Senate Finance Committee Vice Chair Brian J. Feldman (D-Montgomery). Photo by Hannah Gaskill.

In a last-minute maneuver, Maryland lawmakers are using a piece of legislation to scrutinize and possibly block a Hogan administration proposal to scale back the state’s vehicle emissions inspection program.

The Senate Finance Committee this week added amendments to a House bill that would extend and increase a tax incentive program for electric vehicles in order to raise questions about and potentially delay the administration’s VEIP proposal.

As Maryland Matters columnist Frank DeFilippo first reported last month, the Maryland Motor Vehicles Administration (MVA), in conjunction with the Maryland Department of the Environment, has issued a request for proposal (RFP) for a new management scheme for the emissions inspection program.

As envisioned by the Hogan administration RFP, VEIP would be scaled back. The proposal would extend the exemption from VEIP testing for new vehicles from three model years to six model years — covering about one-third of the cars currently being tested under the program — and could provide a pathway for exempting even more model years in the future. The administration would close certain VEIP stations around the state and would privatize certain services.

In a sharply worded letter to Transportation Secretary Greg Slater and Environment Secretary Ben Grumbles last month, Sen. William C. Smith Jr. (D-Montgomery) and Del. Kumar P. Barve (D-Montgomery) made several requests of the administration in search for answers about plans to alter the VEIP program.

In their letter, Smith and Barve expressed skepticism about entering into a five or 10-year contract with a new firm and asked whether the proposed changes have “been shared with the Governor’s Climate Change Commission or any other public body with interest in or oversight over air quality programs.”

“We are disappointed that MDOT and MDE have embarked on these significant changes to the very successful VEIP program without first obtaining input from members of the Maryland General Assembly,” the lawmakers wrote. “Nor, to our knowledge, has input been sought and received from environmental advocates, industry stakeholders, and others through a public notice and public hearings process, which we believe is required under federal law.”

Hearing no response for six weeks, members of the Senate Finance Committee decided to use an electric cars bill, sponsored by Del. David Fraser-Hidalgo (D-Montgomery) to put the concerns from Barve and Smith into legislation.

The bill, as originally written and passed overwhelmingly by the House, would extend and increase a rebate program for owners of electric vehicles. But as amended by the Finance Committee, the bill now also puts many of the questions from Barve and Smith into legislative language.

Specifically, the amended bill would require MVA to report on several aspects of its RFP to the legislature by next Jan. 15, and would prevent the agency from signing a new vendor to operate VEIP before March 15, 2022. The rewritten bill also suggests that the administration may need legislative authority before proceeding.

“The legislature has a role,” said Sen. Brian J. Feldman (D-Montgomery), the Finance Committee vice chair and architect of the amendments. “There’s important policy questions to this. It makes these wholesale changes to our VEIP program.”

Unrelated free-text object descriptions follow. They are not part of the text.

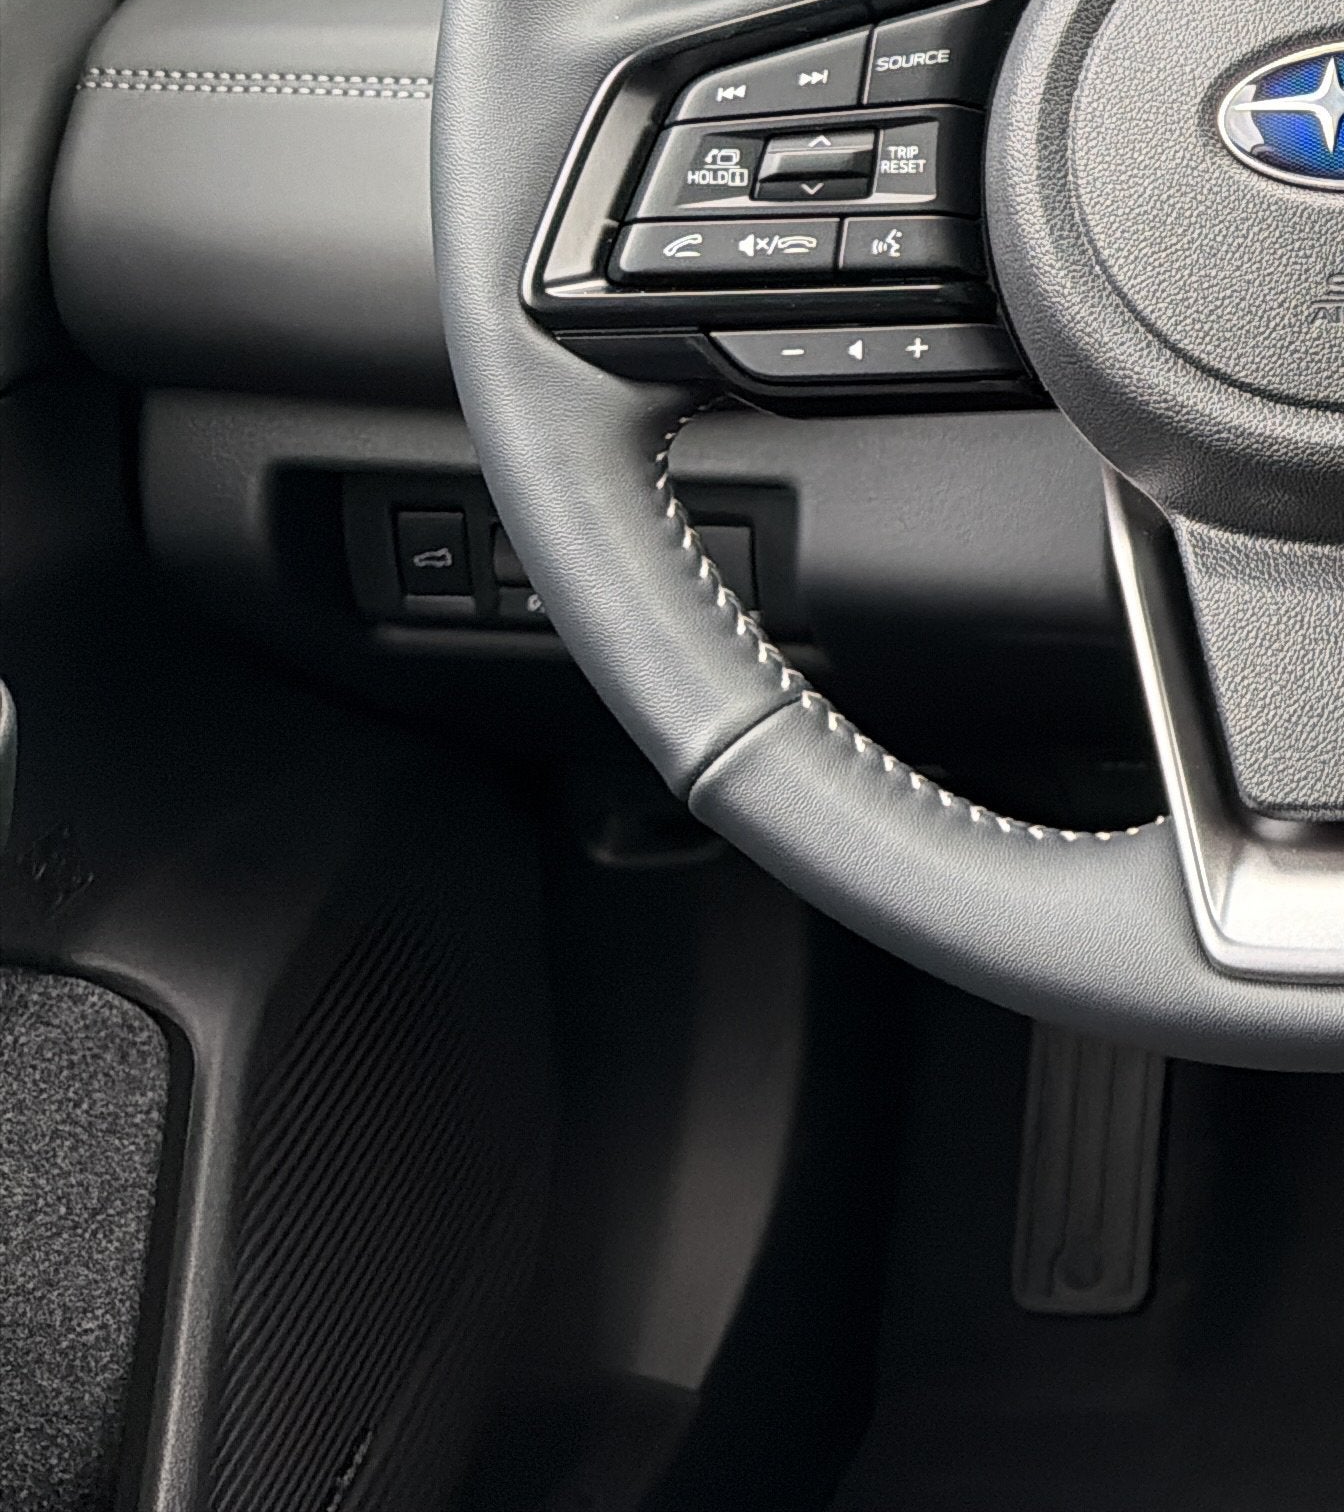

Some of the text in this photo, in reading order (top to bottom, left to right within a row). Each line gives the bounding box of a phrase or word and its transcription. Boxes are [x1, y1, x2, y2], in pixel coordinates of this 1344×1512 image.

[875, 49, 951, 72] SOURCE
[888, 146, 919, 160] TRIP
[880, 158, 927, 174] RESET
[687, 170, 729, 185] HOLD
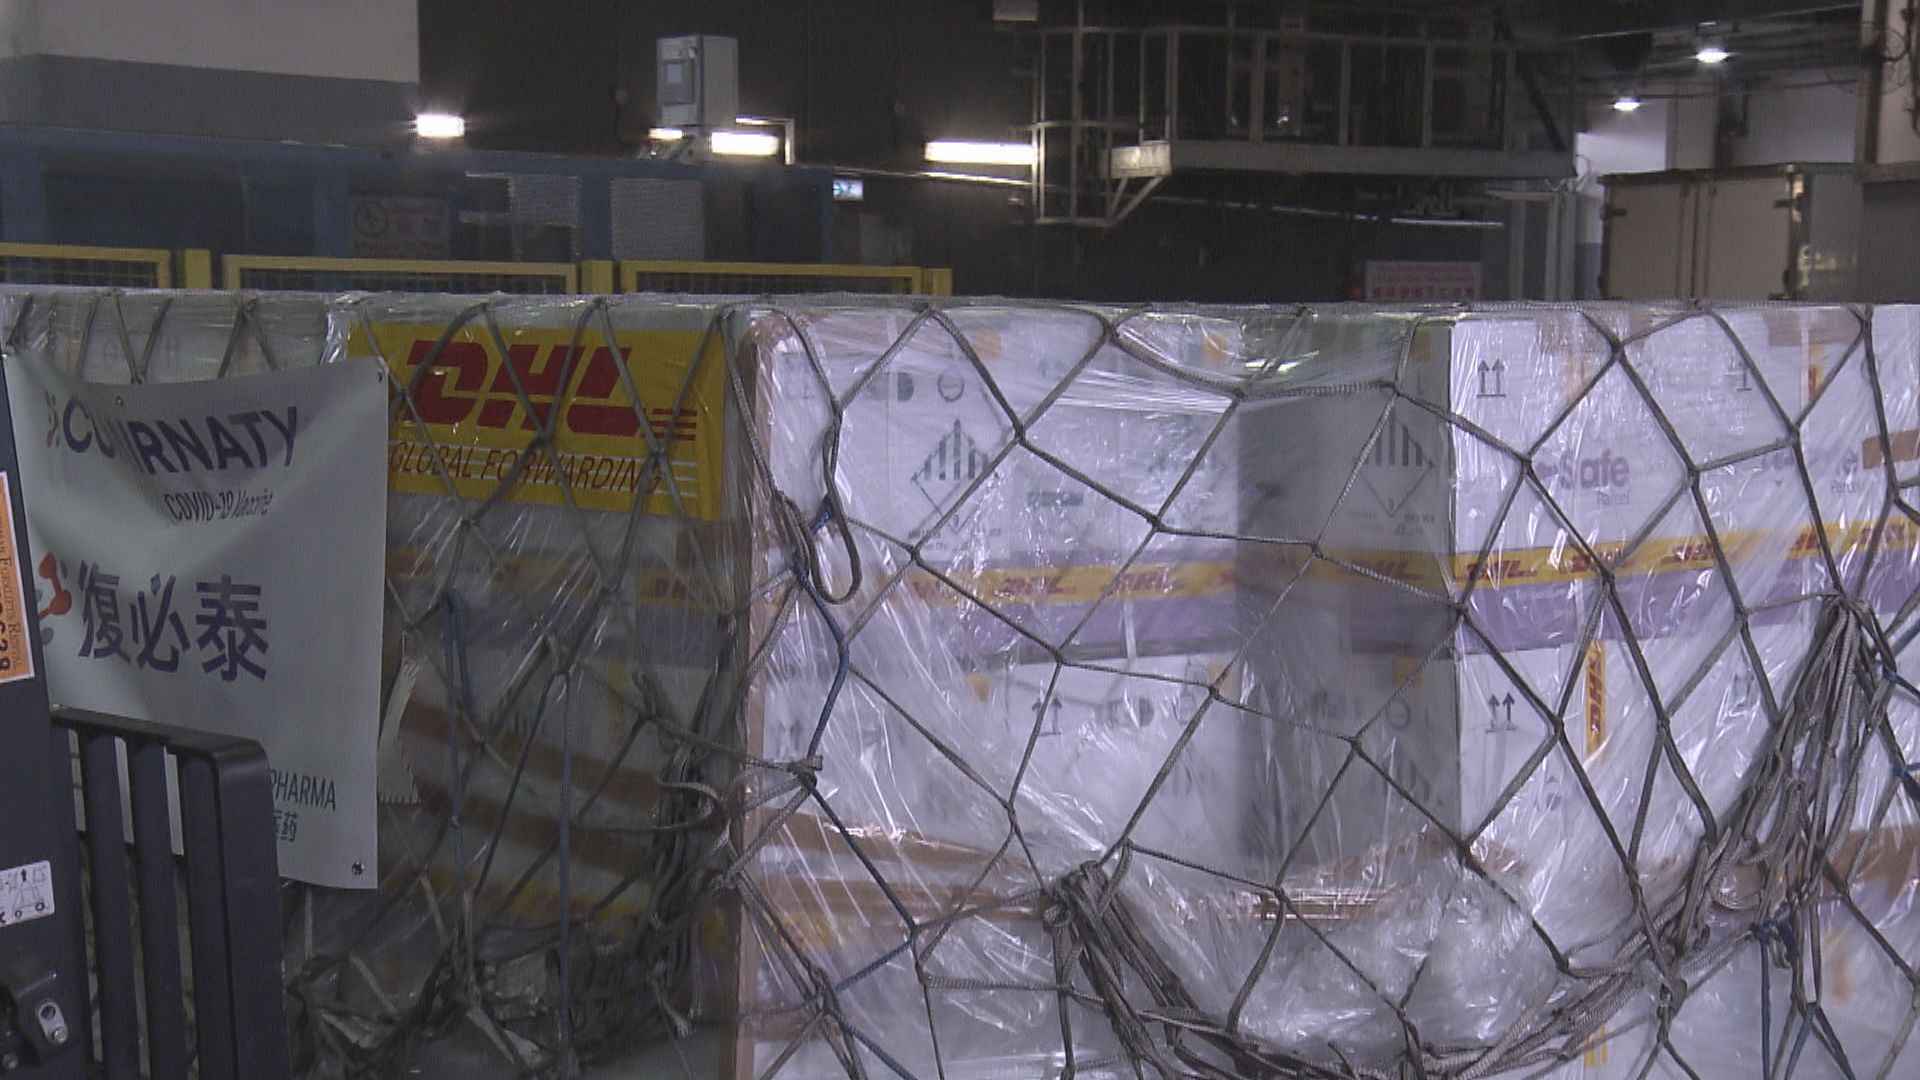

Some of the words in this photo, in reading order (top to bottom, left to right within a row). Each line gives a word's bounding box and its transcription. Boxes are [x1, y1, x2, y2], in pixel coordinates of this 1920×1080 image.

[404, 339, 646, 437] DHL
[62, 395, 298, 474] CORNATY
[388, 441, 476, 478] GLOBAL
[78, 559, 269, 682] 復必泰
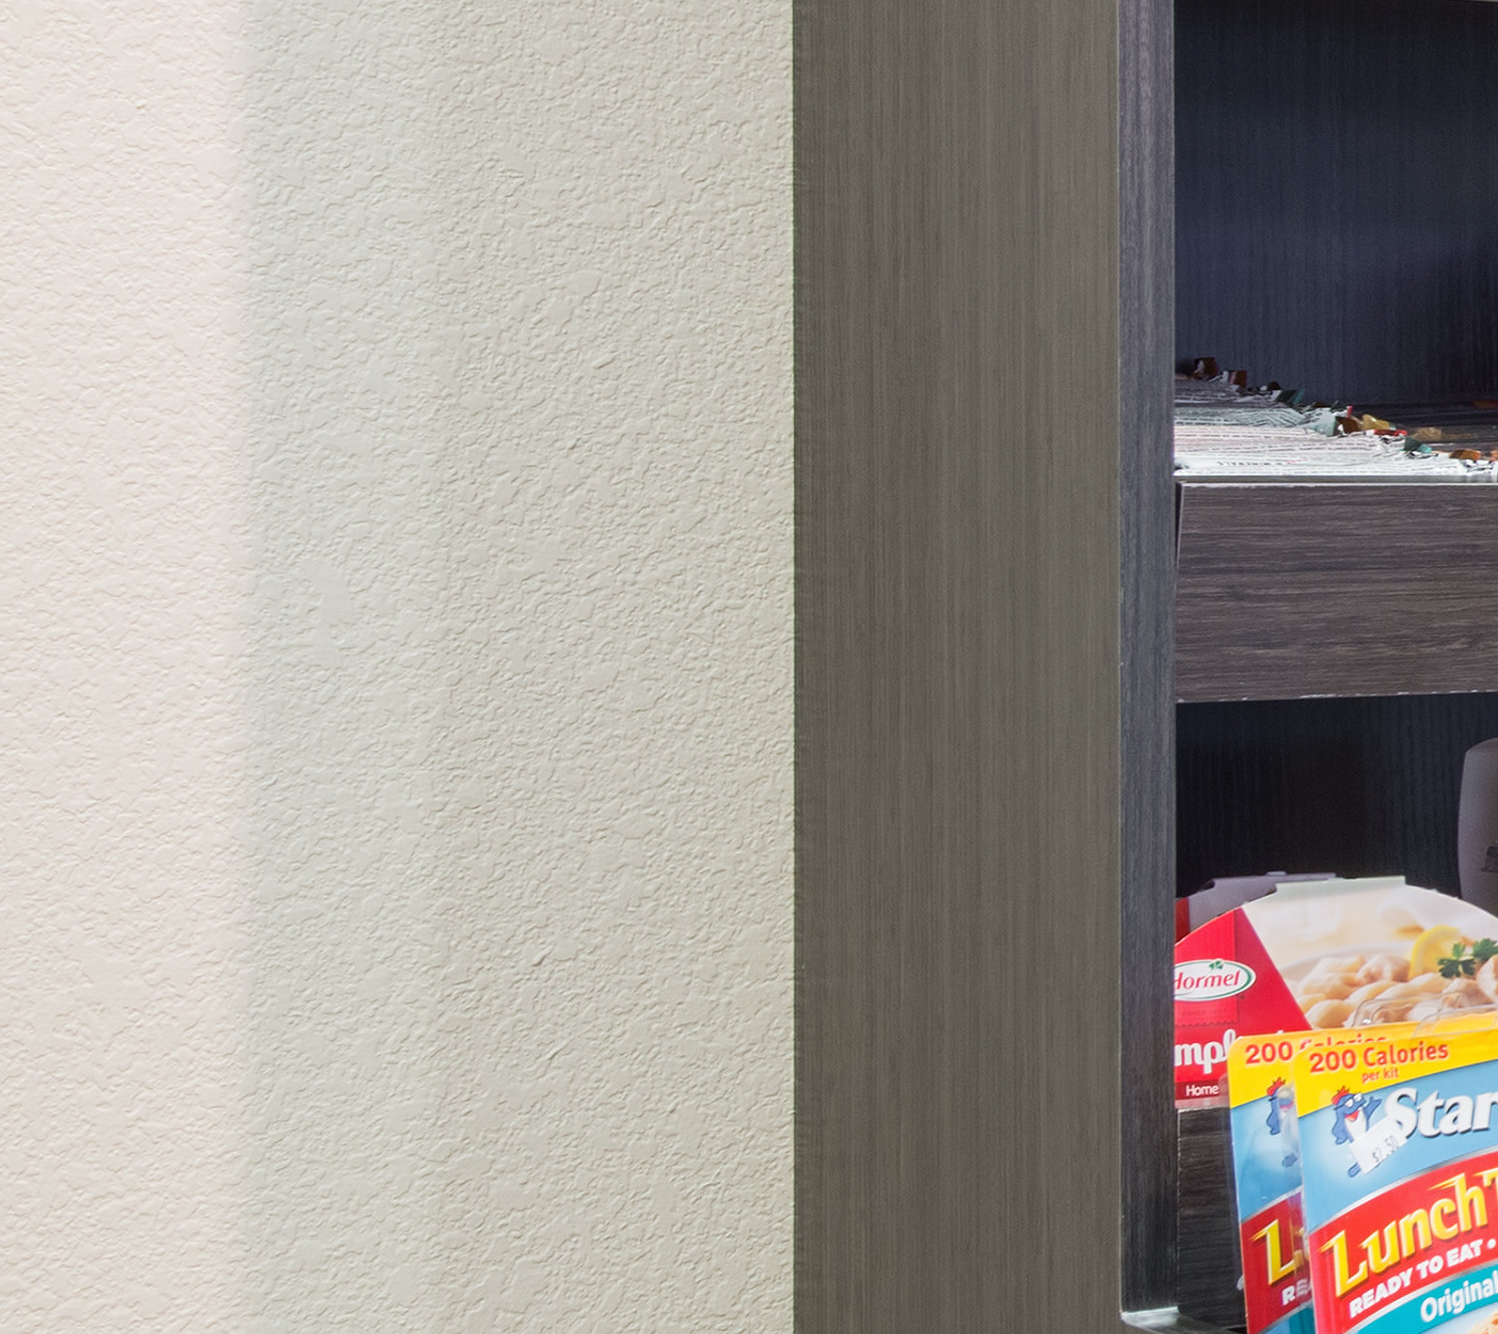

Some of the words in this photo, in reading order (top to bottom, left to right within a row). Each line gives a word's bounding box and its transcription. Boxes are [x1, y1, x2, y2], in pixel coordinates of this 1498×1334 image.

The bill as amended passed in both the Finance Committee and the Senate Budget and Taxation Committee this week, and won preliminary approval on the Senate floor on Friday afternoon.

The Finance Committee added a second amendment on the bill from Sen. Stephen S. Hershey Jr. (R-Upper Shore) that would require the Maryland Energy Administration, in conjunction with MDOT, to provide a study on the economic impact of electric vehicles on the state’s Transportation Trust Fund. The trust fund, which pays for most highway and mass transit operation in the state, is funded almost exclusively by the state’s gasoline tax.

“We’re talking about an impact of as much as $10 million on the Transportation Trust Fund” from the growth in electric vehicle use, Feldman said.

Feldman, who represents the same legislative district as Fraser-Hidalgo, said his colleague was on board with the Senate changes and would push the House to approve the amended bill by Monday, the final day of the legislative session.

Smith and Barve finally received a response to their letter about the proposed VEIP changes on Friday afternoon, about 20 minutes before the amended electric vehicles bill was to be debated on the Senate floor.

In their seven-page missive, which includes specific answers to the lawmakers’ questions, Slater and Grumbles assert that “environmental stewardship is a top priority of our agencies, and we remain committed to ensuring cleaner air for all Marylanders.” They go on to say that several states are modernizing and streamlining their vehicle emissions programs.

The cabinet secretaries’ letter also includes a long history of air pollution regulation in Maryland, including the role the General Assembly played in establishing clean air standards.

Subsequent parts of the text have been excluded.